[Start of Attachment]

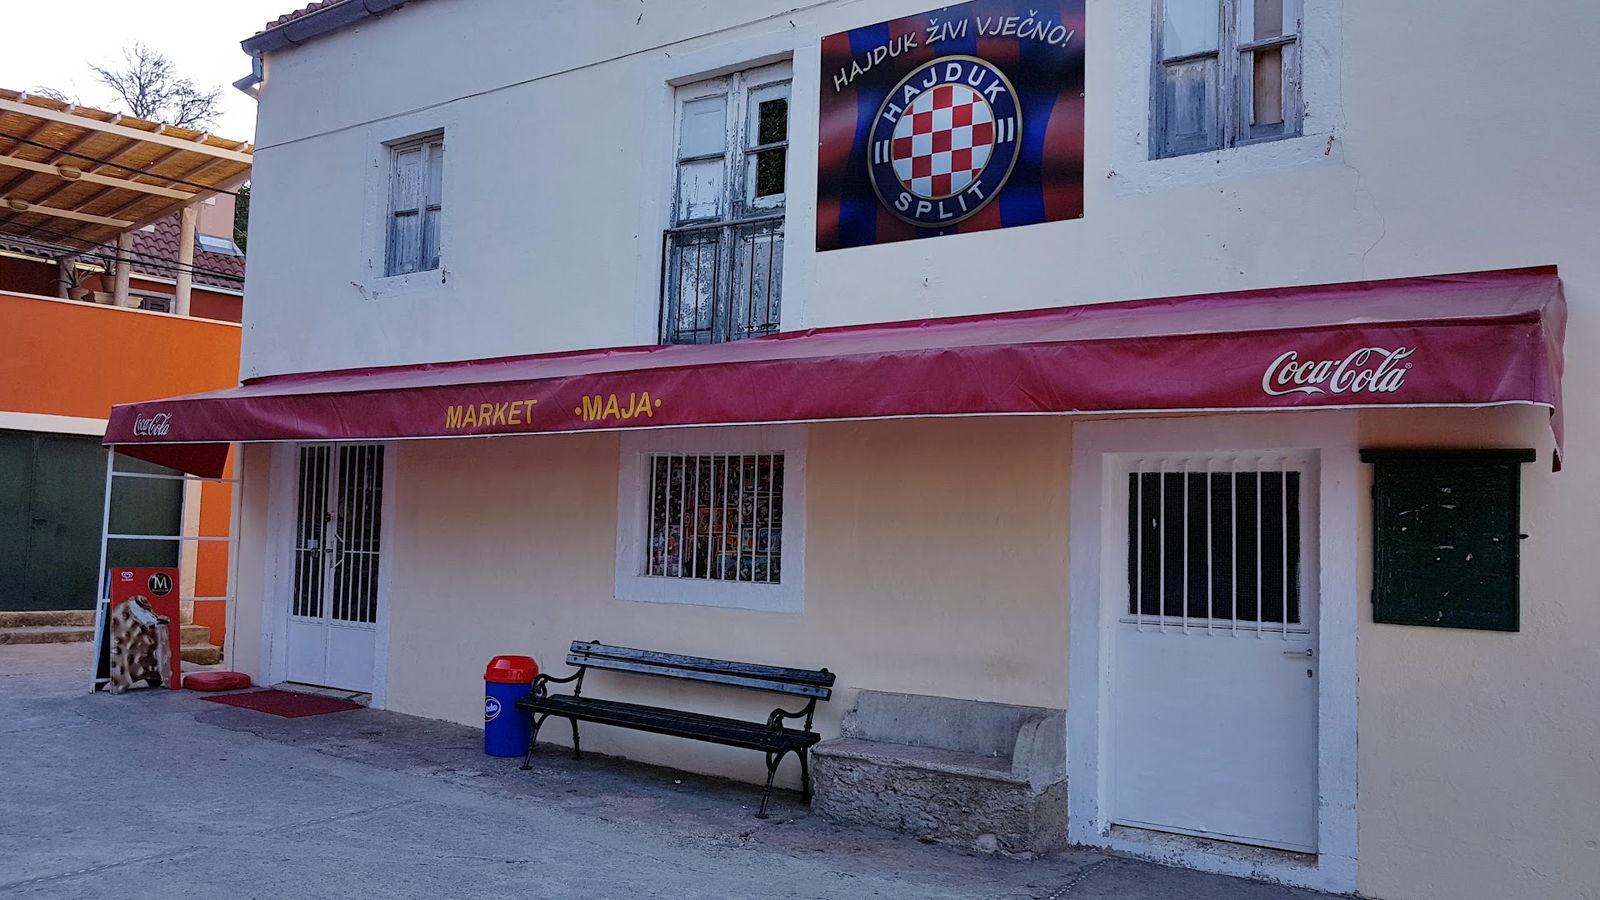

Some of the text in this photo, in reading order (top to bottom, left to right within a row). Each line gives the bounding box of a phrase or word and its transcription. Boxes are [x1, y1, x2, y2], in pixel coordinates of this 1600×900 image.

[End of Attachment]
[Start of Attachment]

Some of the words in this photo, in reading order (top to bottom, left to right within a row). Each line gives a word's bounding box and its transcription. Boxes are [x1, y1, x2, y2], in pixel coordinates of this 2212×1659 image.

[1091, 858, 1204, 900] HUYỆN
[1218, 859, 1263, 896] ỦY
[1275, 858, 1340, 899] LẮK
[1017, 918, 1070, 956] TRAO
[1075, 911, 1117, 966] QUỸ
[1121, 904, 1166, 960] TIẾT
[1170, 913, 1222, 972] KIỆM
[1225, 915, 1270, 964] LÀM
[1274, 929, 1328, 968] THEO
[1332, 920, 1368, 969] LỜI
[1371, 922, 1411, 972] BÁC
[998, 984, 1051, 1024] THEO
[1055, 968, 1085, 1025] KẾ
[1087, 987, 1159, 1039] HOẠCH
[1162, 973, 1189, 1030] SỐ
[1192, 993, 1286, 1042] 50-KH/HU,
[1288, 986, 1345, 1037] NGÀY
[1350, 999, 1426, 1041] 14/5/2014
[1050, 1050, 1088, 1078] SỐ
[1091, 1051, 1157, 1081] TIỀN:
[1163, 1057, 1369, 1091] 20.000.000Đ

[End of Attachment]
[Start of Attachment]

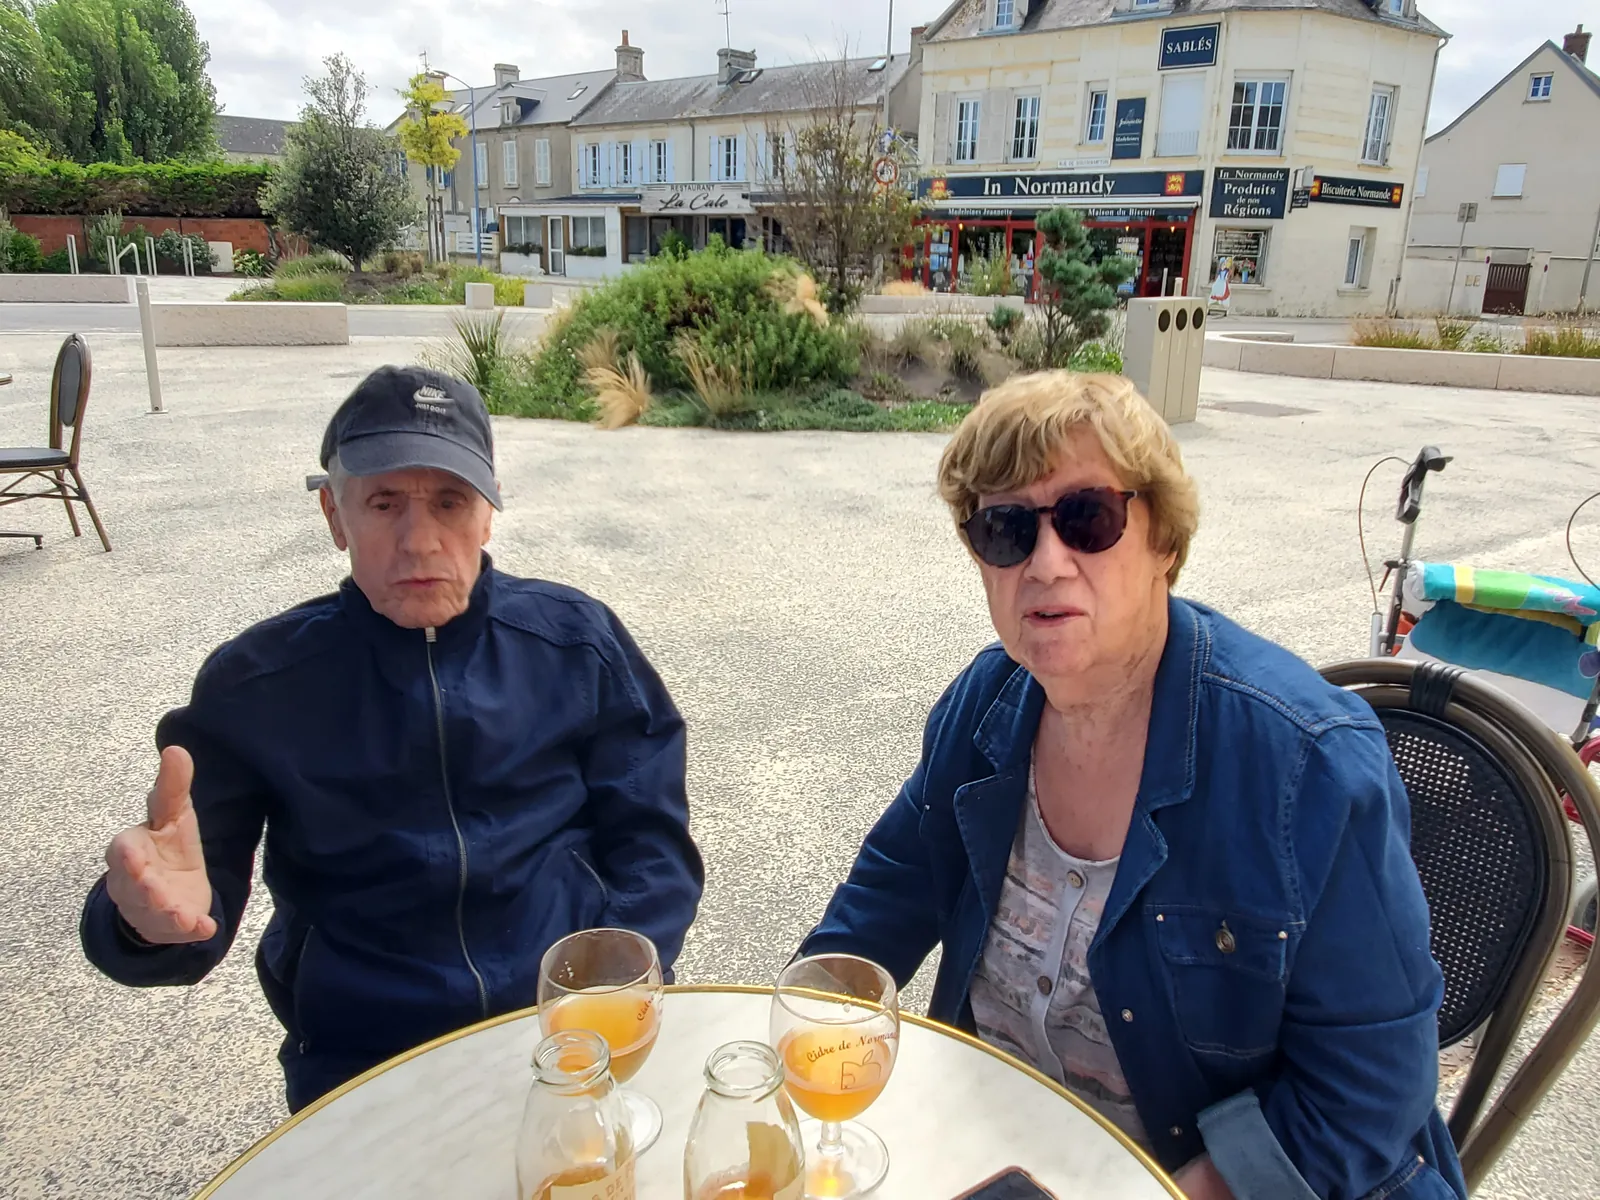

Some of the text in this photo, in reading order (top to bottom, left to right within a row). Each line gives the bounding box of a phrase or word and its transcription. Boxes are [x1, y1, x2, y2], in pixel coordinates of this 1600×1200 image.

[End of Attachment]

• Your goal: Pull every line containing "text" out of the material and copy it.

• Solution to this problem:
Some of the text in this photo, in reading order (top to bottom, left to right within a row). Each line gives the bounding box of a phrase or word and its transcription. Boxes are [x1, y1, x2, y2], in pixel coordinates of this 1600×900 image.
Some of the text in this photo, in reading order (top to bottom, left to right within a row). Each line gives the bounding box of a phrase or word and its transcription. Boxes are [x1, y1, x2, y2], in pixel coordinates of this 1600×1200 image.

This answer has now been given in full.